The Citizen’s Trust idea might encourage a “property-owning democracy” in the words of political philosopher John Rawls. There is no question that it is time for citizens to begin to privately own the robots and the technology of the future. This might also require thinking about a new definition of work. I study employee share ownership plans and profit sharing plans of many kinds that can broaden capital ownership and capital income at the workplace and appear to maintain a high level of personal economic responsibility and earning your keep. There is also a need to examine what kinds of capital shares might address economic inequality for those not in workplaces. Many in our society already live on investment income, namely, people of means or people with great pensions plans or people with great accumulated savings. This groups that lives off of capital income often finds ways to “work” without a salaried job. Citizens might need to become used to “socially beneficial work” such as supporting the lives of children and the elderly and the disabled more intently, more political participation in civic life, more focus on the arts in public life, and, yes, as Mark Zuckerberg has hoped, more risk-taking entrepreneurship and technological inventions. Or will “second income” lead to hedonistic behavior, for example, people witting on their couches watching TV and playing video games.
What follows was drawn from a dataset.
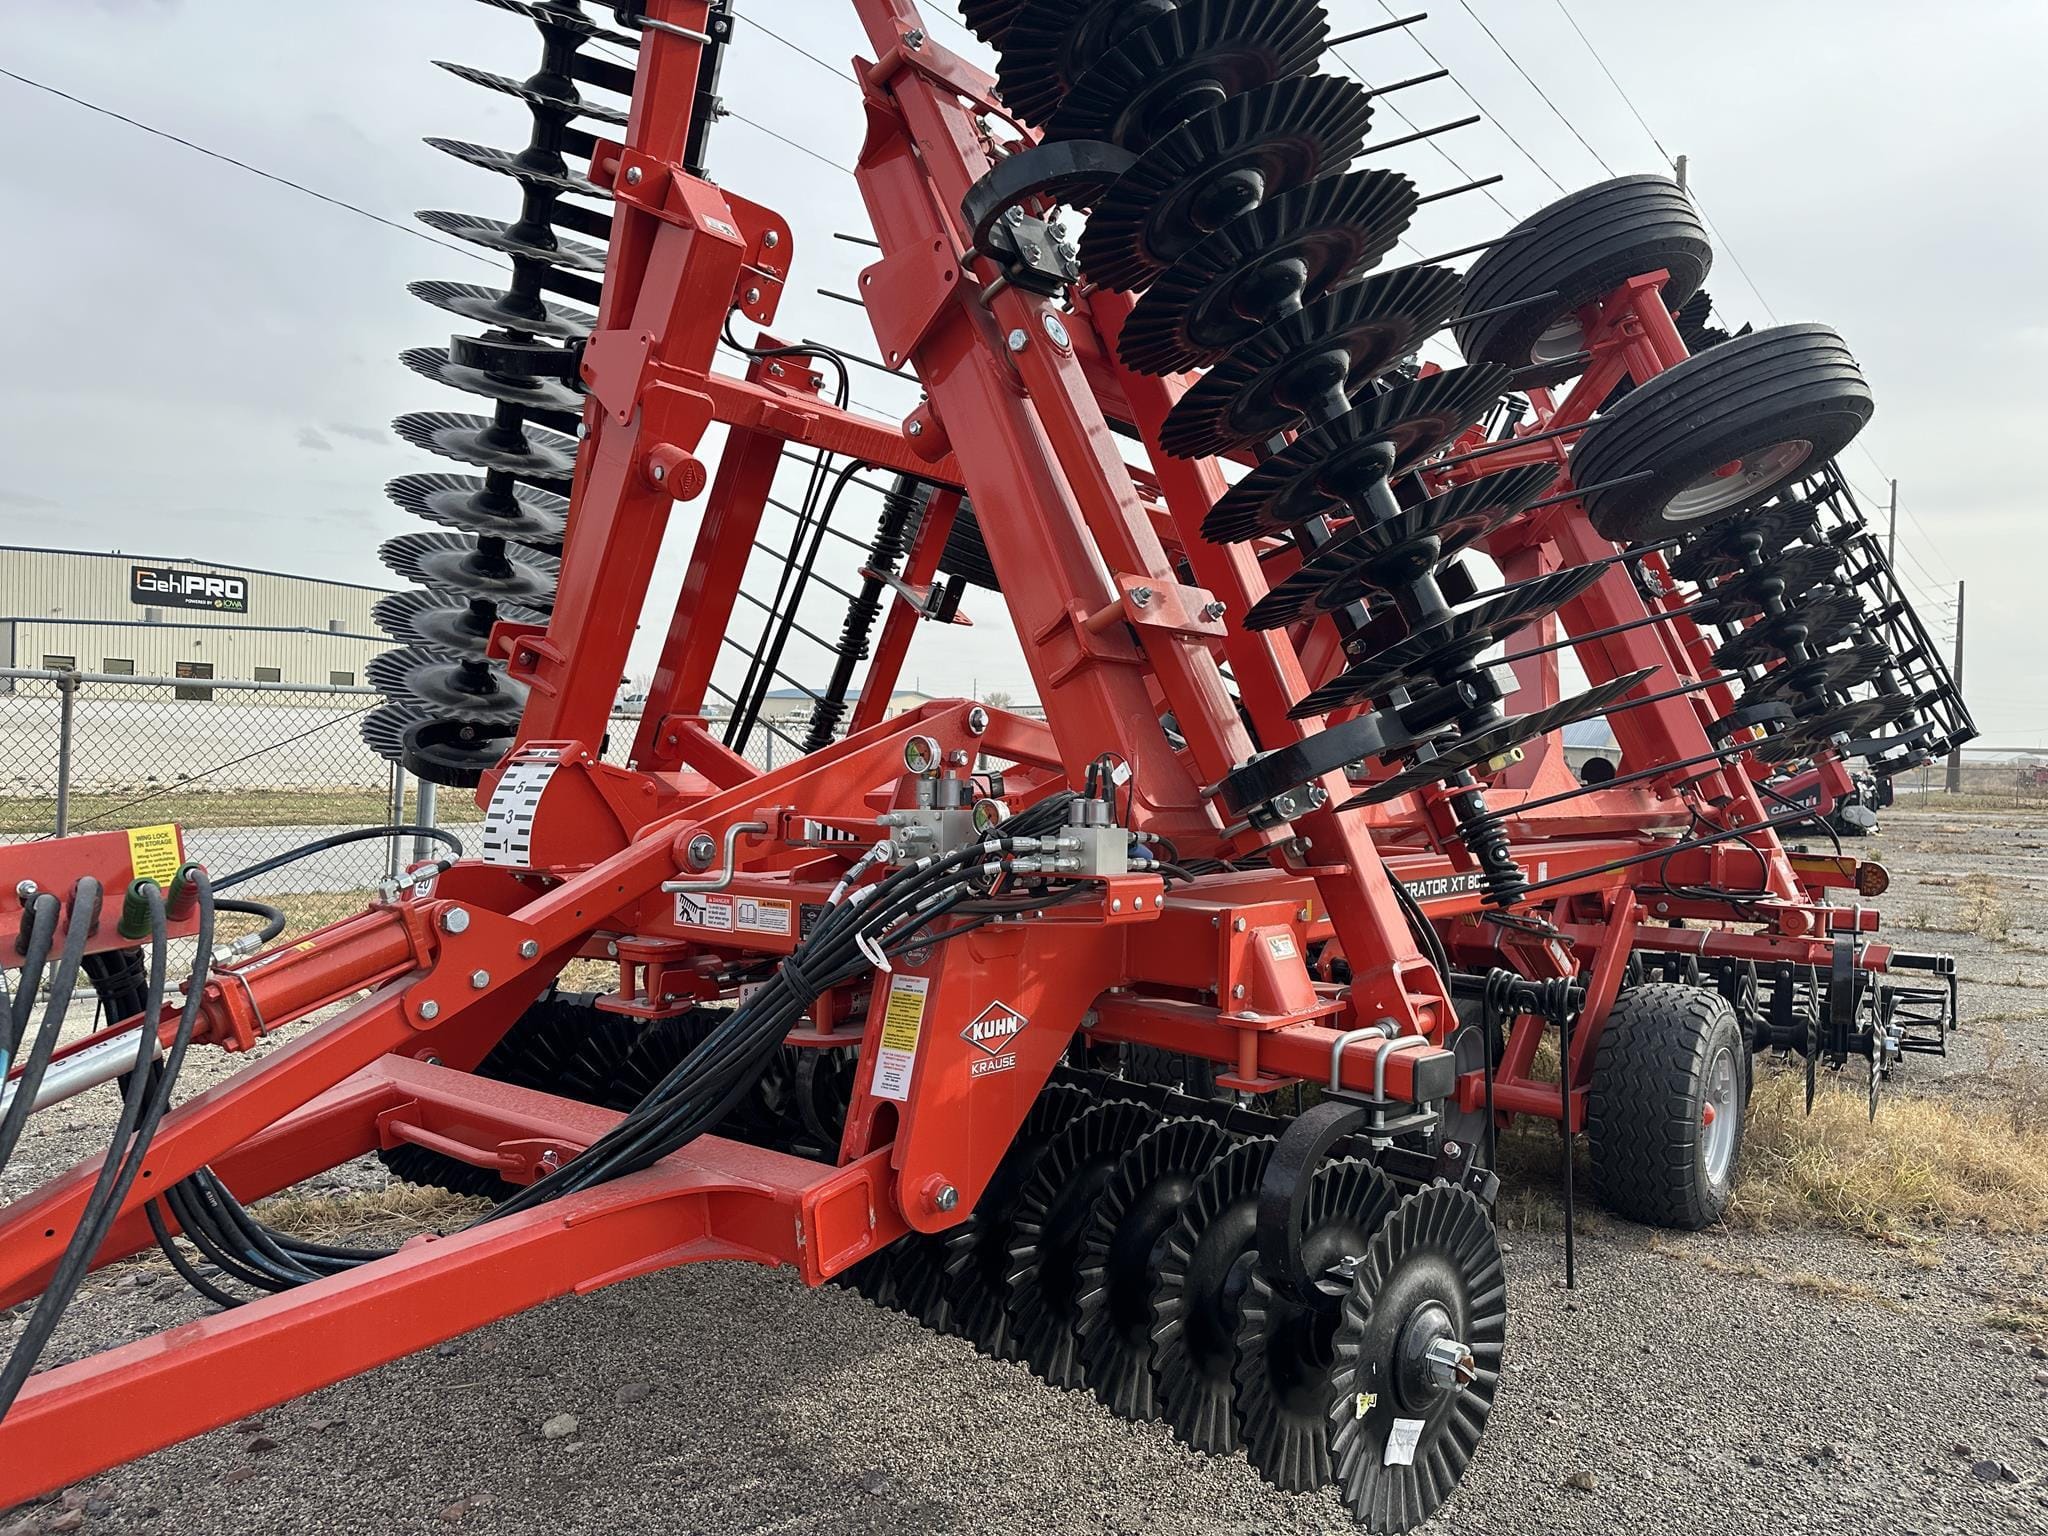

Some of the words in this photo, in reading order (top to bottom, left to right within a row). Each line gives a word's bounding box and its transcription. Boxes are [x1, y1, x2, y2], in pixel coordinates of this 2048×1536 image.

Employment relations, future of work scholars and policy-makers, and students of organizations will need to examine this “work without pay world” to understand if it can still have individual responsibility and a lack of dependency and to envision how private organizations with “volunteers” can be efficiently managed. Ironically, some initial research suggests that basic income leads most people to use their extra time for more pro-social activities.

This discussion will now become very real and concrete in Oakland, California as a group of Silicon Valley tech leaders from start-up powerhouse Y Combinator are in the midst of launching a modest experiment with private foundation support to introduce basic income in that city to select groups of people. Their web site says that they plan to explore its effect on individuals, families, work life, and civic life in the city of Oakland through research. Let’s see what can be learned as this experiment is rolled out. Business leaders are often ahead of the curve on new developments. Zuckerberg and Musk have shown that now. It is time for more public discussion of Universal Basic Income and for sociologists and economists and other researchers to begin to learn a lot more about it so that they can inform policy-makers and answer some key questions.

Joseph Blasi, is the J. Robert Beyster Distinguished Professor at the Rutgers University School of Management and Labor Relations. He directs Rutgers program on employee share ownership and profit sharing which examines all forms of capital shares and their impact on performance and economic inequality. These are private opinions of the author and not those of any institution. His book, The Citizen’s Share, with economists Richard Freeman and Douglas Kruse, discusses the idea of broad-based ownership and its relationship to democracy in American history.